Illustration d'un déchargement de marchandises au port de Montoir-de-Bretagne. — Frank Perry/AFP

Ils étaient sept à comparaître devant le tribunal correctionnel de Rennes (Ille-et-Vilaine). Tous ont été reconnus coupables et ont écopé de lourdes peines de quatre à dix ans d’emprisonnement. Leur tort ? Avoir participé à l’importation et au trafic de cocaïne via le port de Montoir-de-Bretagne, près de Saint-Nazaire (Loire-Atlantique). La drogue était acheminée dans des conteneurs depuis les Antilles pour un montant estimé à la revente de « plus de 16 millions d’euros », selon le procureur de la République. Parmi les sept mis en cause, deux sont dockers au port situé sur les bords de Loire, où 336 kilogrammes de cocaïne avaient été découverts.

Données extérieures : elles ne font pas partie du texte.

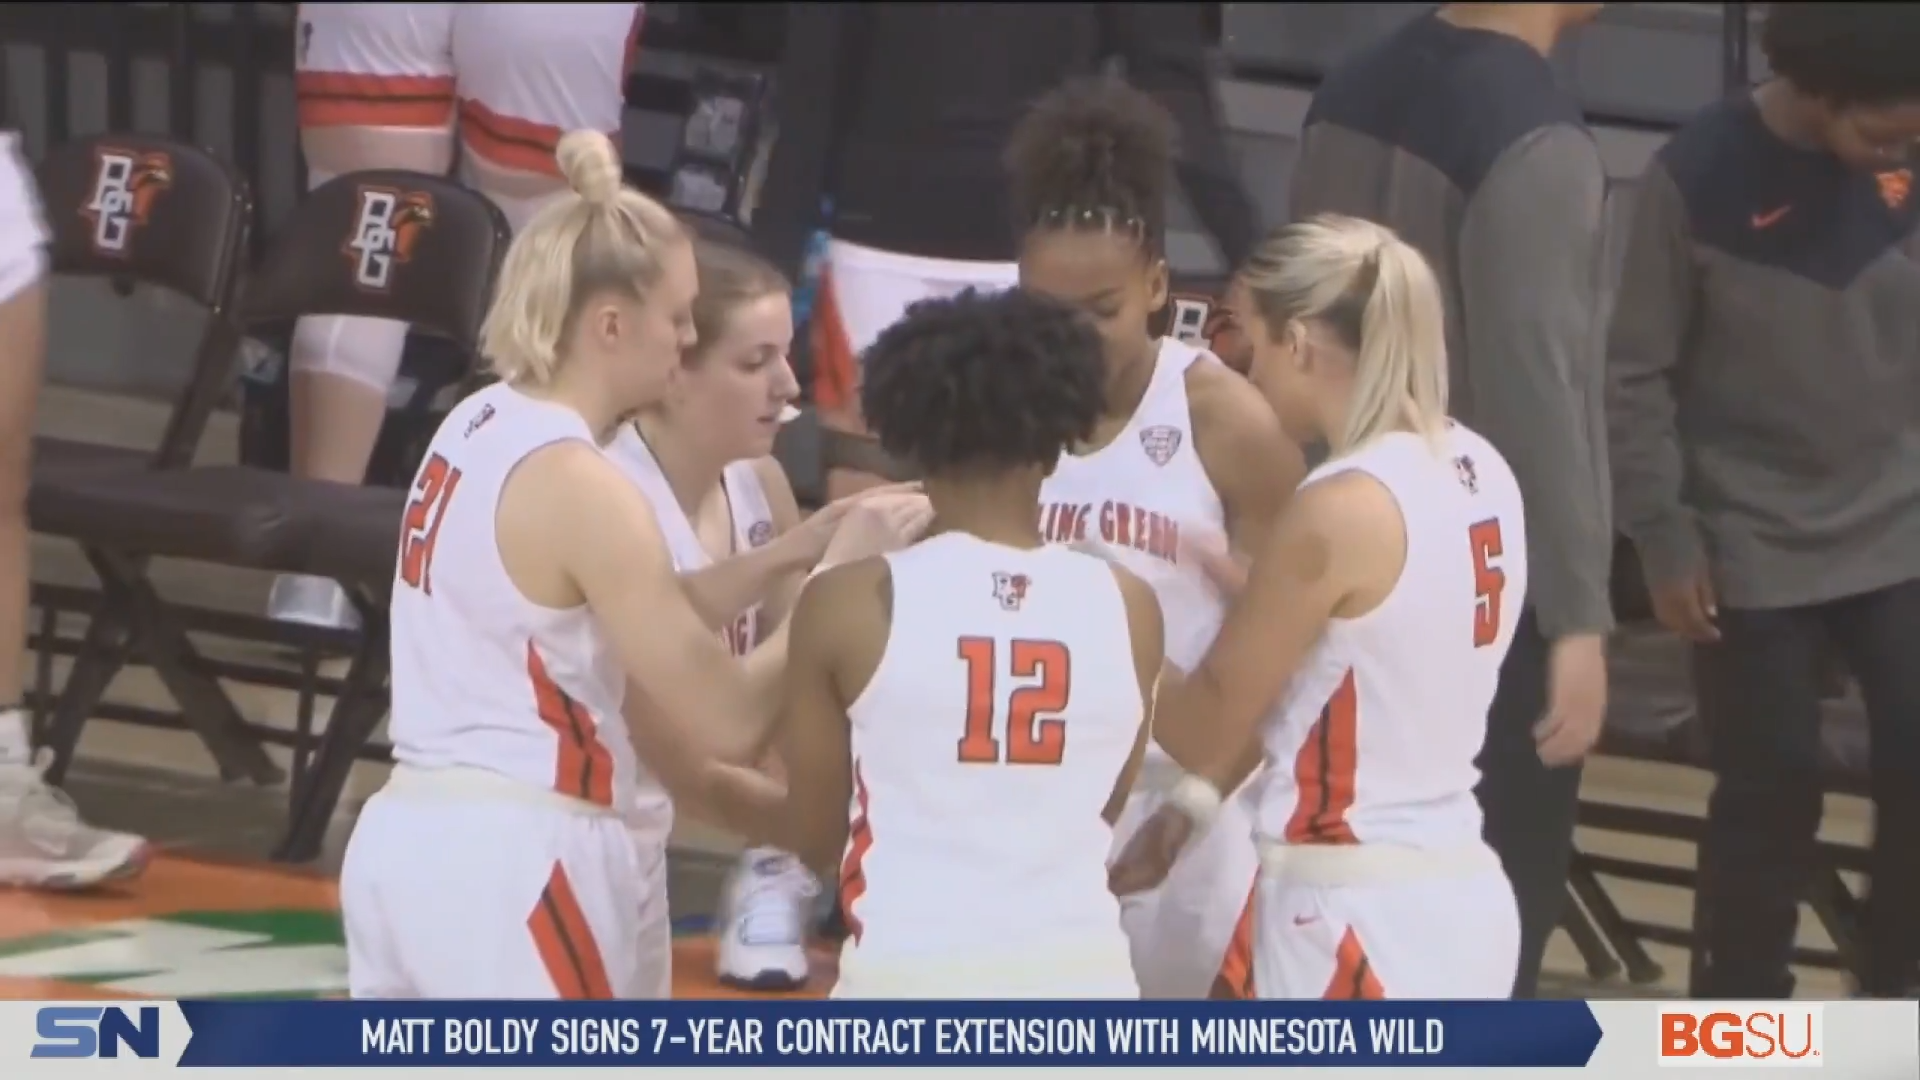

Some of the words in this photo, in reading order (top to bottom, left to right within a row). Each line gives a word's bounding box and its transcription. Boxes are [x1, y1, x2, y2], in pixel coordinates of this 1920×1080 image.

[401, 451, 463, 597] 21
[1468, 515, 1506, 649] 5
[957, 635, 1072, 766] 12

Damien L., un docker de 35 ans, a été condamné à sept ans de prison. « Je trouve la condamnation extrêmement sévère pour quelqu’un qui est primo-délinquant et qui n’a pas de casier judiciaire », a réagi auprès son avocat Me Fathi Benbrahim, évoquant la possibilité de faire appel. Un second docker, Joël L., 48 ans, a lui été condamné à quatre années de prison, dont deux avec sursis.

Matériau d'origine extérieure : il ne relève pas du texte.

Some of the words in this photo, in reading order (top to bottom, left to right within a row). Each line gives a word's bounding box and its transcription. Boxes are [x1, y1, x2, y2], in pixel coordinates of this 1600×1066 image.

Qui étaient les mystérieux clients parisiens ?

La peine la plus lourde a été prononcée à l’encontre de l’un des expéditeurs antillais, déjà plusieurs fois condamné à des peines de prison, qui a écopé de dix ans. Trois intermédiaires, « trait d’union » entre les dockers et de mystérieux commanditaires parisiens qui n'ont pas pu être identifiés, ont eu des peines comprises entre quatre et six ans de prison.

L’enquête avait commencé en mai 2017 après la saisie dans le port de Santos (Brésil) de 690 kg de cocaïne dans un conteneur frigorifique à destination de Montoir-de-Bretagne. Selon les enquêteurs, la marchandise était importée par la technique du « rip-off », qui consiste à récupérer la drogue placée dans un conteneur à l’ouverture des portes. Les dockers récupéraient la cocaïne à son arrivée à Montoir, en replaçant un plomb contrefait sur le conteneur qui avait été ouvert. Les marchandises étaient remises à des intermédiaires près du port. Trois autres mis en cause seront jugés ultérieurement.